Dean langsung membawa Arra menuju rumahnya, ia harus meminta tolong Helena untuk memeriksa keadaan Arra, tadi ia pergi karena permintaan ibunya, ibunya yang menurut Dean memiliki kelakuan absurd tapi ia sangat menyayanginya, malam ini memintanya membelikam pasta di restoran favoritnya yang sebenarnya cukup jauh dari rumah. Dan justru kini ia bertemu dengan Arra dengan keadaan gadis itu yang begitu mengenaskan, Dean melirik lagi ke arah samping melihat wajah penuh lebam Arra, apa ini alasan gadis itu mengenakan masker hari ini? Batin Dean bertanya-tanya, membuat pria itu meringis ngilu dengan perasaan yang tidak ikhlas melihat Arra seperti ini.
“Helen .... Helen ...” Dean langsung berteriak memanggil Helena, membuat Helena yang berada di dapur bersama Fiona dan Garry langsung bergegas ke ruang tamu, dan ketiganya terkejut melihat Dean dengan wajah panik menggendong seorang gadis dengan keadaan terluka.
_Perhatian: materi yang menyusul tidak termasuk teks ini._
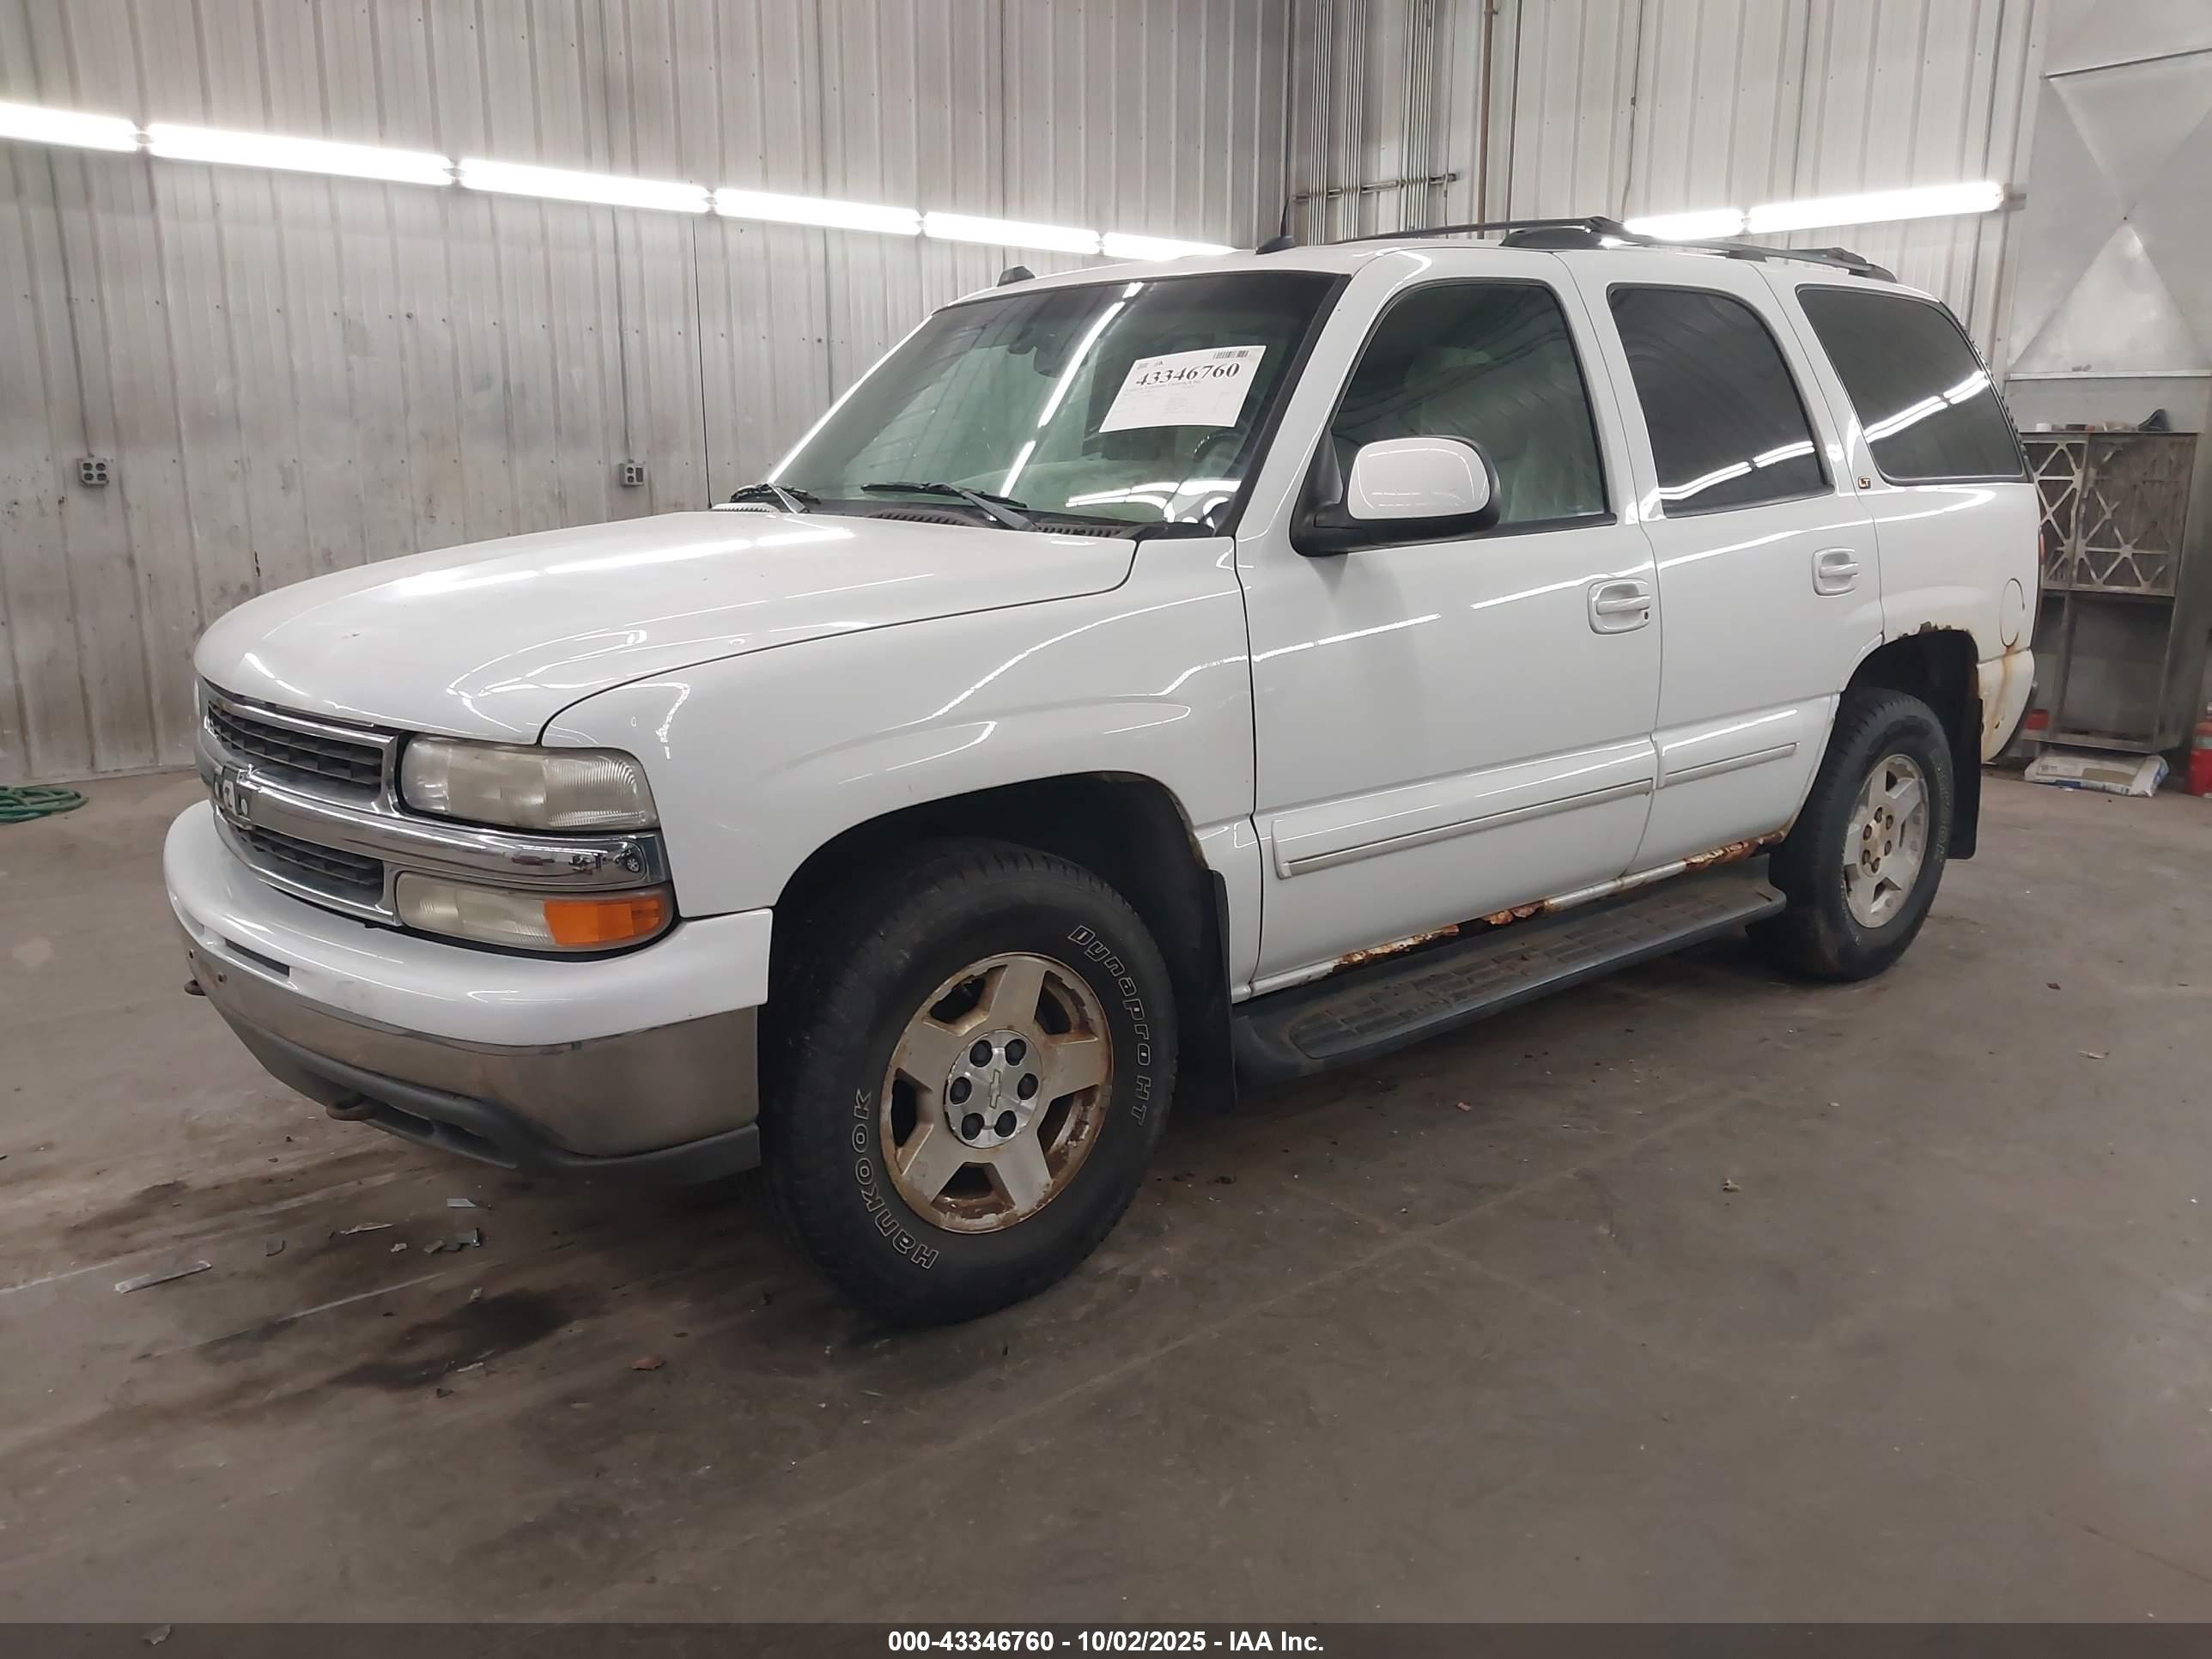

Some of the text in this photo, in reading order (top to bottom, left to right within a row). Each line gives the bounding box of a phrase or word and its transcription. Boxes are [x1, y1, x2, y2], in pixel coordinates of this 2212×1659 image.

[1135, 362, 1240, 386] 43346760
[1858, 477, 1869, 488] LT
[1067, 924, 1152, 1126] Dynapro HT
“Astaga apa yang terjadi dengannya? Apa yang kau lakukan Dean Keandre?” Tanya Helena menghampiri Dean dan mengamati wajah Arra dalam gendongan adiknya itu.
“Bukankah dia Arra? Astaga, apa yang terjadi dengannya? Tadi siang dia masih baik-baik saja.” Ujar Fiona membekap mulutnya.
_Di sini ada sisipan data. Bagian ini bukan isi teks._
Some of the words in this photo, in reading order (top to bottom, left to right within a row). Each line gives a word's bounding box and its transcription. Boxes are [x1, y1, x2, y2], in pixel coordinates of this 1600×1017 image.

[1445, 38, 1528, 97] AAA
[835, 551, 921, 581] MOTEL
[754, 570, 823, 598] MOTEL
“Itu tidak penting Helen, kau harus mengobatinya lebih dulu. Kumohon. “ Ujar Dean memelas membuat Helena mengangguk, Dean langsung membawa Arra menuju kamarnya.
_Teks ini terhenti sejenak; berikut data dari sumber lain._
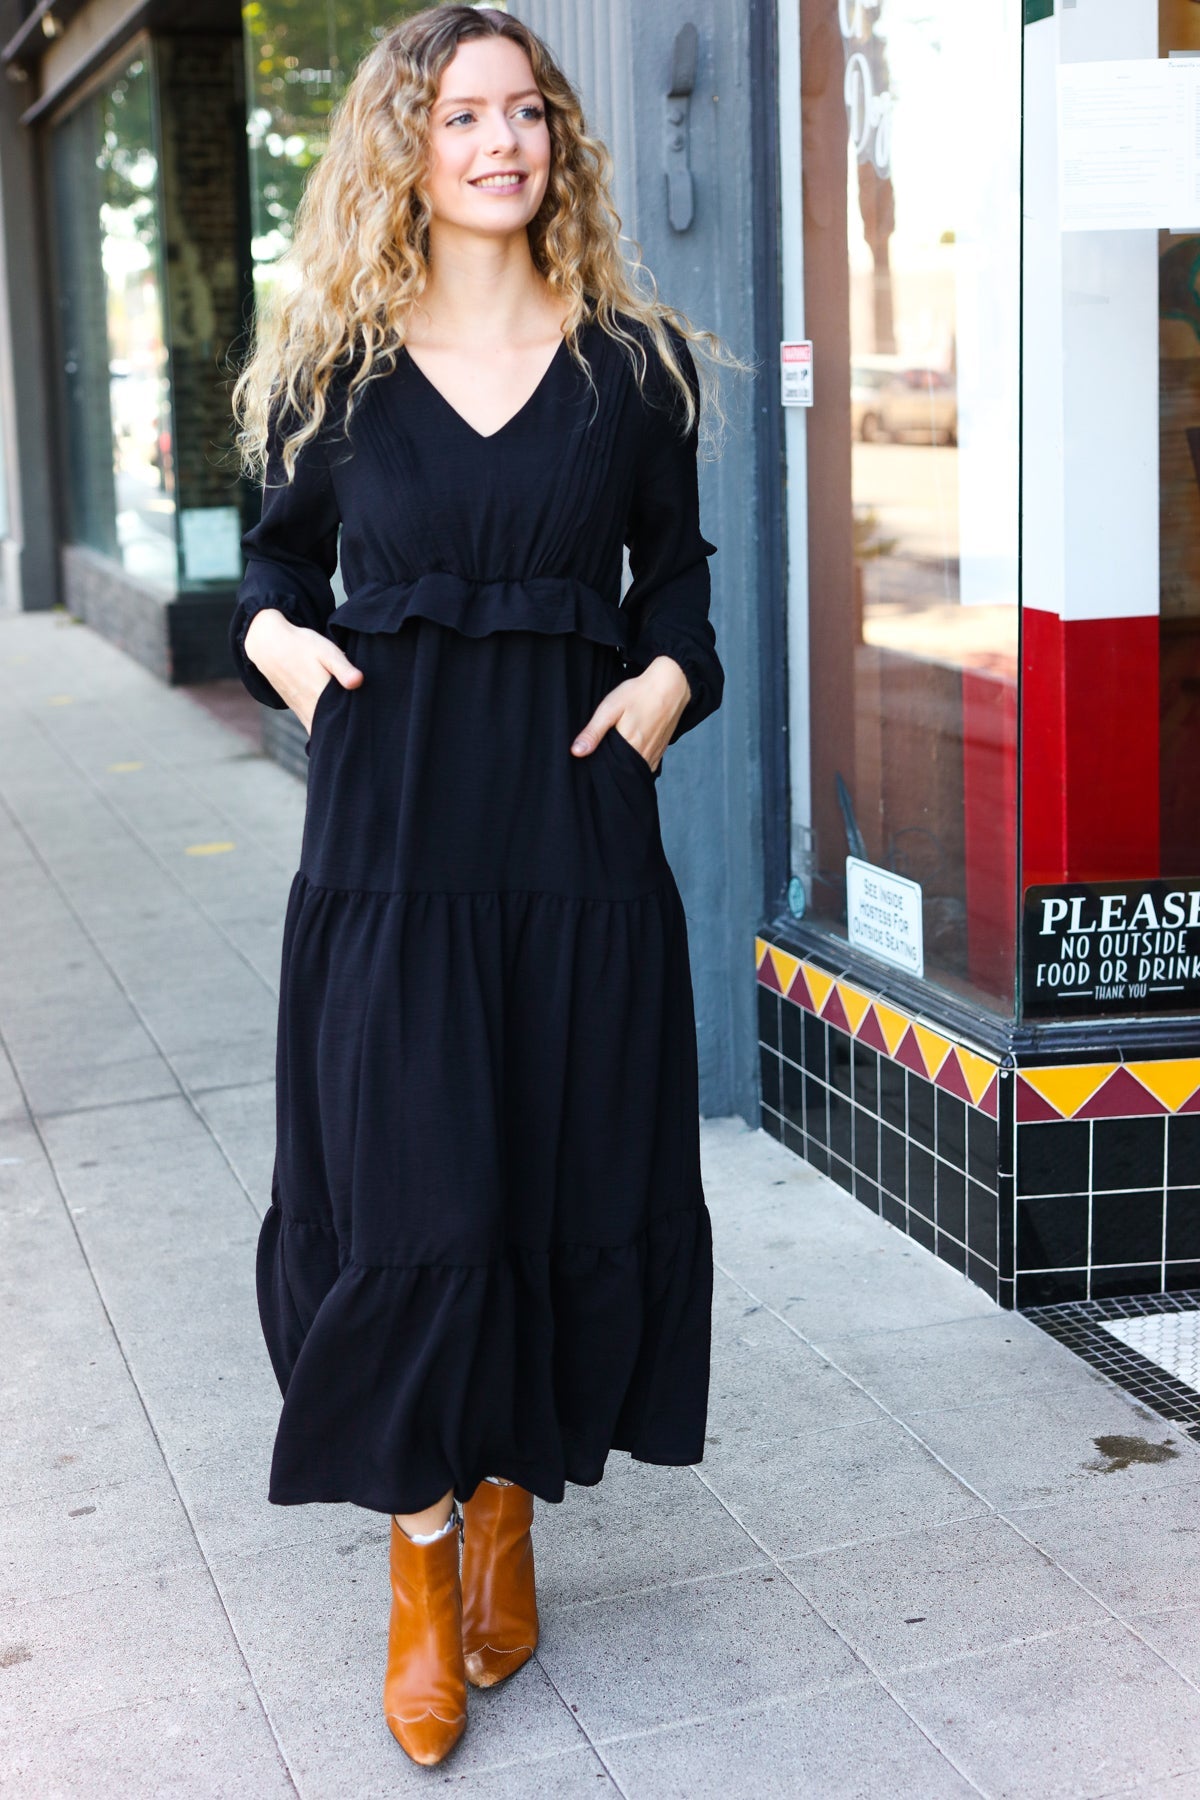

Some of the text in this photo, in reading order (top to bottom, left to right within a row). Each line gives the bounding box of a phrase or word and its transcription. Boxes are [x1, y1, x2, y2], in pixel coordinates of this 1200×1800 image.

[863, 877, 904, 911] SEE INSIDE
[860, 901, 910, 935] HOSTESS FOR
[854, 916, 918, 962] OUTSIDE SEATING
[1061, 930, 1188, 960] NO OUTSIDE
[1036, 962, 1091, 987] FOOD
[1100, 959, 1128, 984] OR
[1095, 983, 1147, 1001] THANK YOU
“Kau keluarlah, biar aku memeriksanya.” Instruksi Helena pada Dean membuat pria itu mundur teratur dan keluar dari kamarnya, di depan pintu sudah ada Fiona dan Garry dengan tatapan yang menuntut jawaban pada Dean, membuat pria itu menghela napasnya.
“Sebaiknya kita tunggu Helena di ruang tamu Mommy, Daddy.” Ujar Dean yang langsung menuju lantai satu diikuti oleh Fiona dan Garry.
“Apa yang terjadi padanya Dean? Dia seperti orang yang habis dipukuli.” Tanya Fiona tidak sabaran.
“Aku juga tidak tahu Mommy, aku bertemu dengannya di jalan dan hampir saja menabraknya.”
“Astaga. Untung saja hal buruk itu bisa dihindari.” Ujar Fiona shock sekaligus bersyukur.
“Sepertinya hidup gadis itu begitu berat.” Ujar Garry menerawang membuat Dean menatap ayahnya dengan tatapan mengernyit, kenapa ayahnya jadi sok tau begini?
“Iya, padahal tadi sore dia selalu tertawa dan bercerita banyak tentang hal-hal lucu saat membuat cake denganku, siapa yang menyangka kehidupannya yang sesungguhnya, mungkin ia hanya berpura-pura tegar. Kau harus bersikap baik padanya Dean, jangan menambah bebannya.” Ujar Fiona mengusap bahu Dean membuat pria itu kembali teringat gumaman Arra tadi pagi.
“Kenapa suasana di sini tegang sekali?” Tanya Helena melihat orang tua dan adiknya hanya terdiam dengan pikiran masing-masing.
“Bagaimana keadaannya, Helen ?” Tanya Dean yang beranjak dari duduknya.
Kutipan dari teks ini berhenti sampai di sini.